**Task directions:** Exactly as written, return all the data, leaving its pictures behind.

**Records shown:**
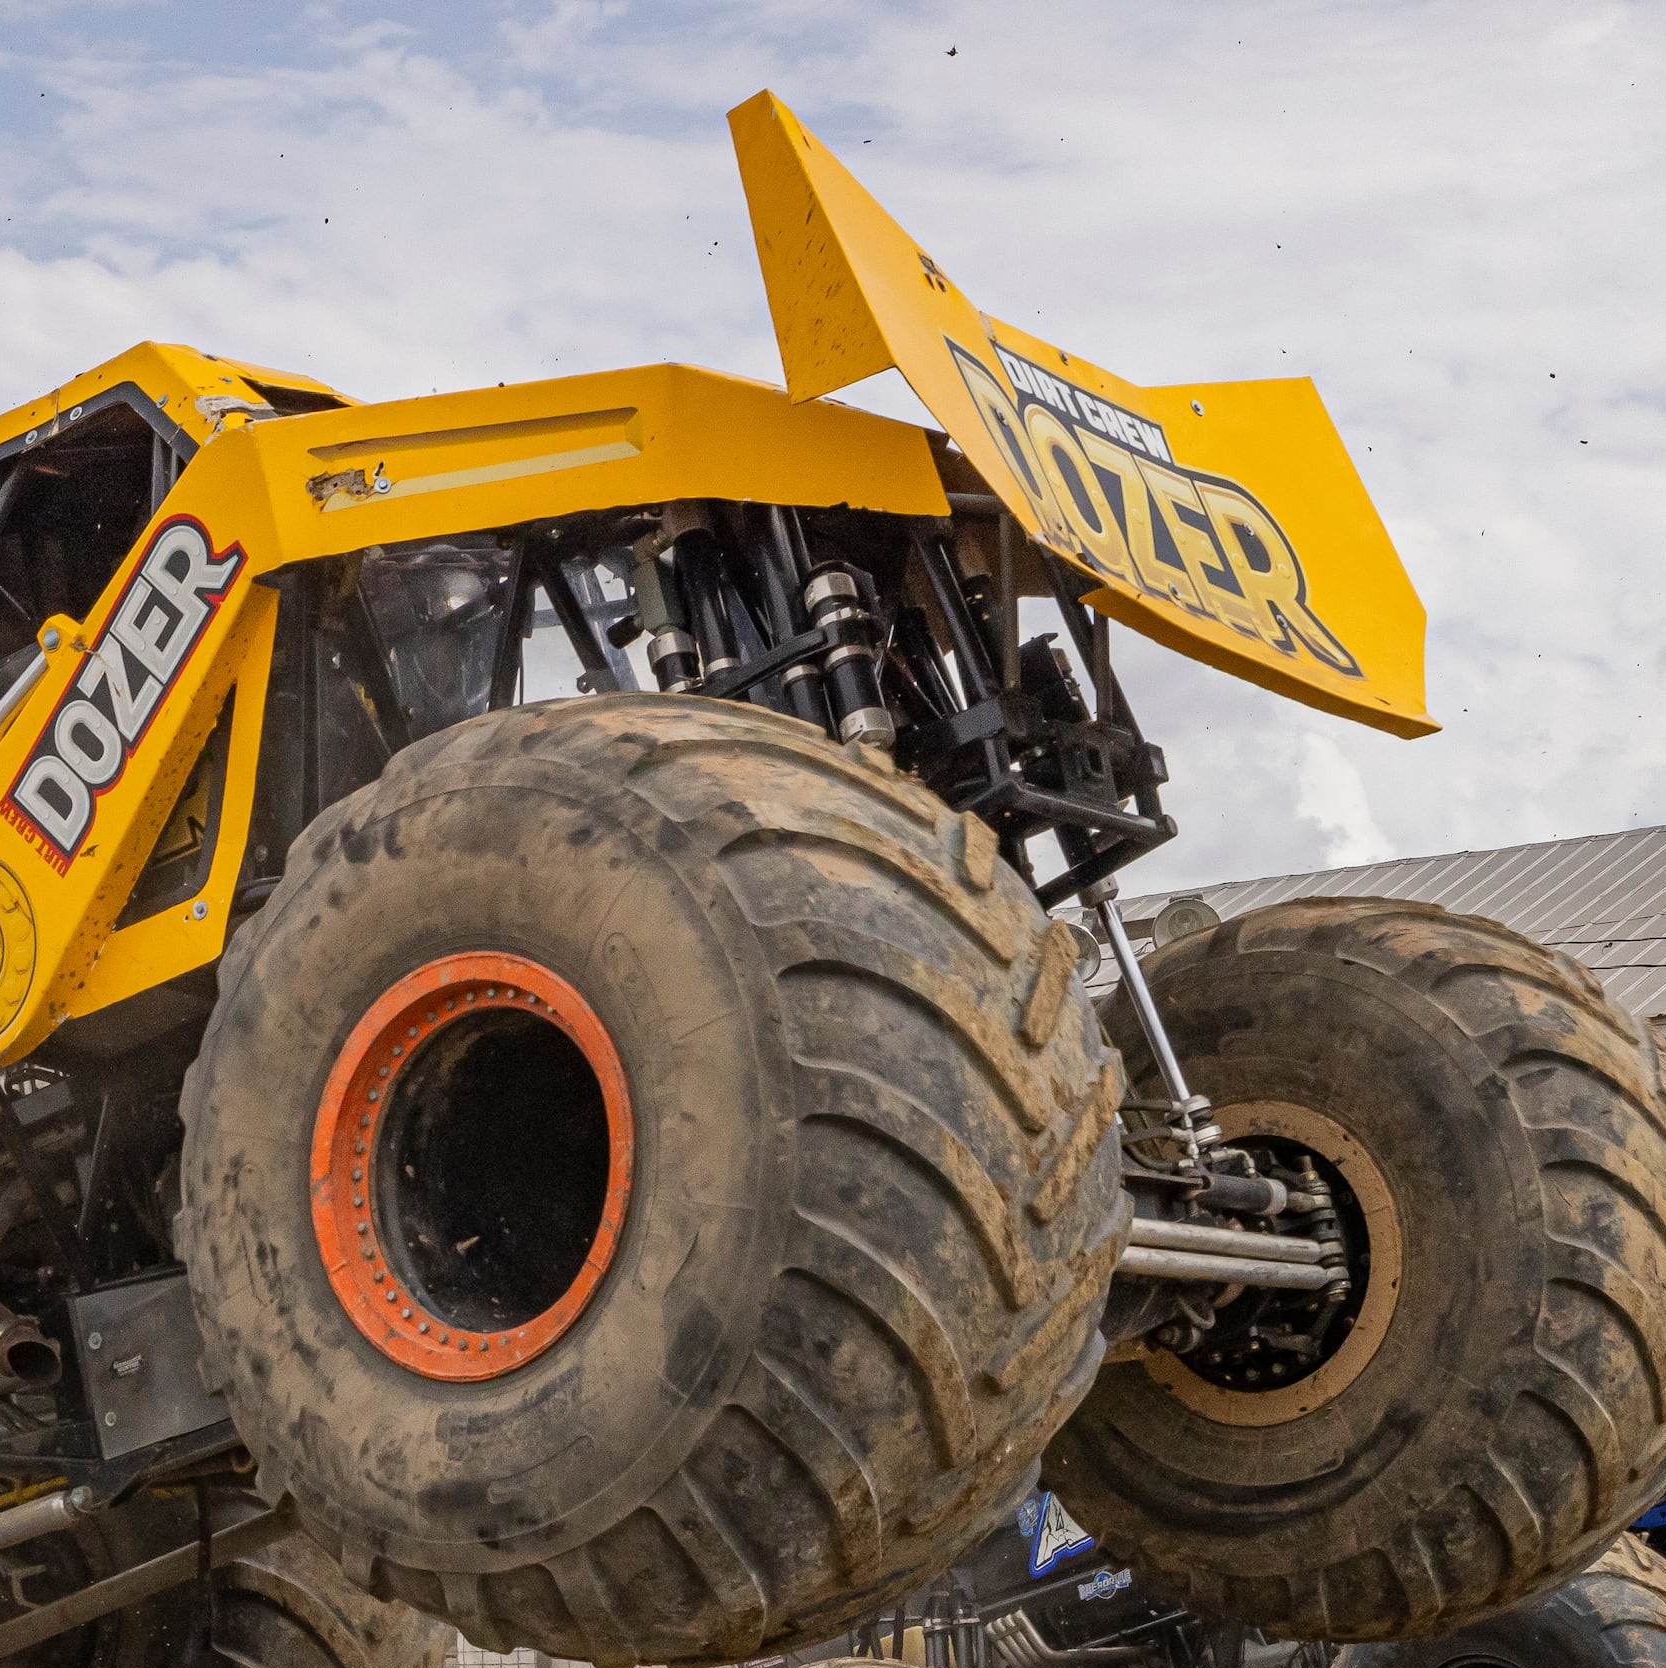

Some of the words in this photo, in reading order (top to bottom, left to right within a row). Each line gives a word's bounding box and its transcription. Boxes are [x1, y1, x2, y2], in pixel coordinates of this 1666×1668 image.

[948, 343, 1353, 670] DOZER
[996, 346, 1079, 421] DIRT
[1073, 389, 1172, 464] CREW
[14, 525, 239, 852] DOZER
[35, 841, 69, 879] DIRT
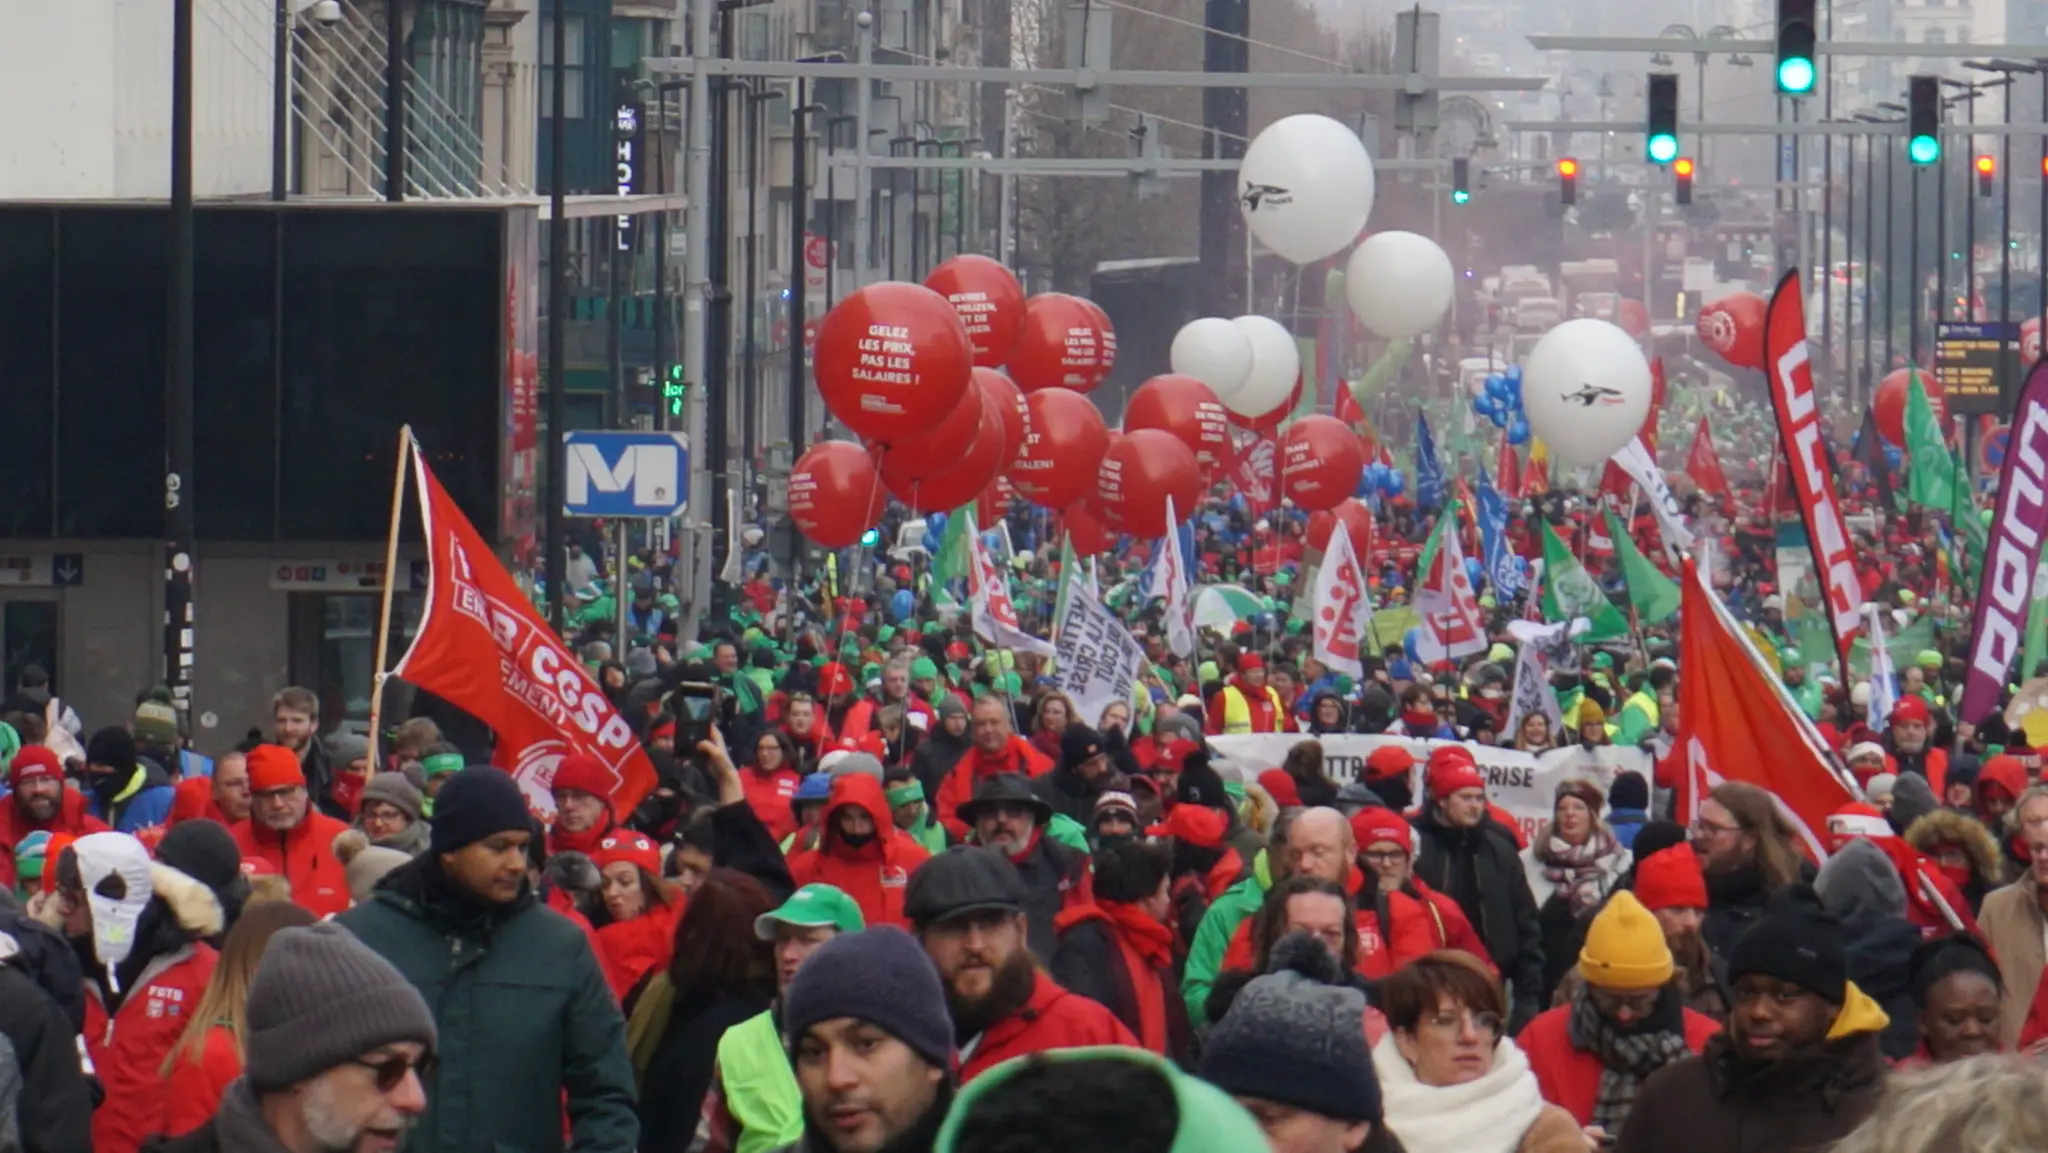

**Answer to this exercise:**
Some of the words in this photo, in reading order (top to bottom, left to right within a row). Each line gives a word's bounding box and its transcription. Boxes are [x1, y1, x2, y2], in pixel coordinates of this 1666×1668 image.

[948, 343, 1353, 670] DOZER
[996, 346, 1079, 421] DIRT
[1073, 389, 1172, 464] CREW
[14, 525, 239, 852] DOZER
[35, 841, 69, 879] DIRT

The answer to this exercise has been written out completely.